Aos 11 anos, fiz um planejamento de vida. Queria encontrar o grande amor da minha vida aos 23, namorar aos 24 e me casar aos 25. Ainda bem que os tempos são outros e as ideias vão amadurecendo e ganham novas formas e prioridades. A alma gêmea não encontrei ainda não. Mas isso já não é mais uma preocupação. A vida segue seu curso natural e, esteja onde ela estiver, estará bem. Temos a eternidade toda para os encontros. Seria eu um pouco apressado demais? Talvez sim. Mas eu não quero me fechar para as possibilidades de amores e causos que podem surgir.

Eu continuo o mesmo de sempre. O menino que ainda idealiza, acredita em seus sonhos. É difícil botar o pé fora de casa quando não tenho motivo para buscá-los. Me considero tímido – demais. O que não me impede de ser um grande admirador de pessoas. Gosto mais de ouvir do que falar. Os amigos estão em primeiro plano. Nada sou sem eles.

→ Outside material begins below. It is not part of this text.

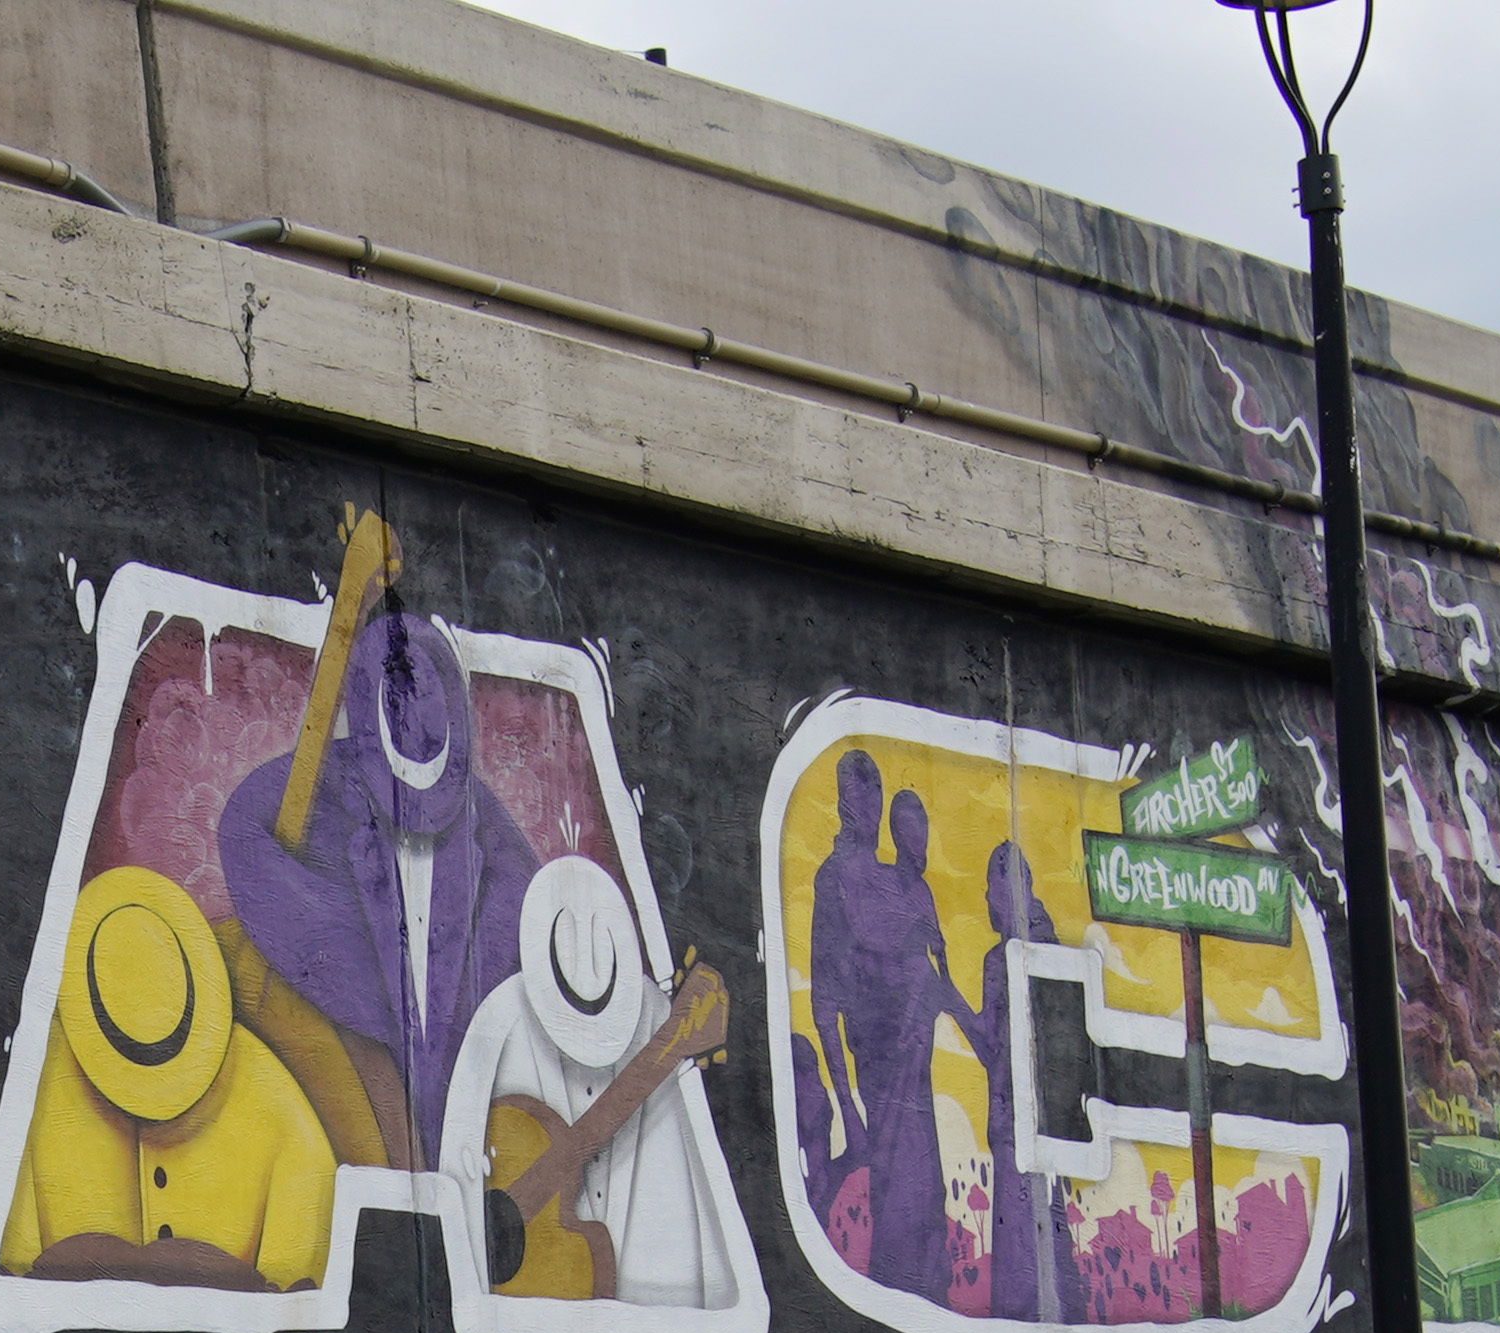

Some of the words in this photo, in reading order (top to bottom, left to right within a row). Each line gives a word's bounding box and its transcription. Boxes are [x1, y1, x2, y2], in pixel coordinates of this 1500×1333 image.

Sou movido a pequenos prazeres. Hoje mesmo comprei três canecas para decorar meu quarto. Outro dia, depois que sai do trabalho, passei na pizzaria perto de casa para comprar a esfirra que só eles fazem. Sou de introspecção, de inverno, de hibernar. O meu porte físico é grande e por isso prefiro as coisas pequenas, os detalhes.  Sou de pedra, espírita kardecista. Acredito em vida após a morte, em reencarnação, em missão, em dons. Não consigo ter raiva de nada e de ninguém. Não sou juiz. Sou repórter, quase uma filosofia de vida.

Alegria, força motivadora.

23 de maio é o meu dia, data que escolhi para voltar a esse mundo – mais uma vez. Sou geminiano, regido por muitos e muitos planetas que trabalham em boa sintonia com os meus ideais. Eu gosto de viajar, de jogar conversa fora, de passar o domingo fazendo absolutamente nada. Gosto de estudar, sou eterno aprendiz. Uma condição que me agrada – e muito!

Aprendiz.

Meu coração bate mais forte, eu sei.

Este sou eu, do jeito que o tempo moldou. Sem edição; material bruto que ainda não está pronto. Sou filho, irmão, amigo, jornalista, viajante, admirador, aprendiz, servidor, belo-horizontino, brasileiro. Serenidade agora eu tenho. Só peço um pouco mais de parcimônia e sabedoria.

Sou feliz, apesar dos pesares. Aqui 24 anos. Amanhã… 80. Grato por tudo.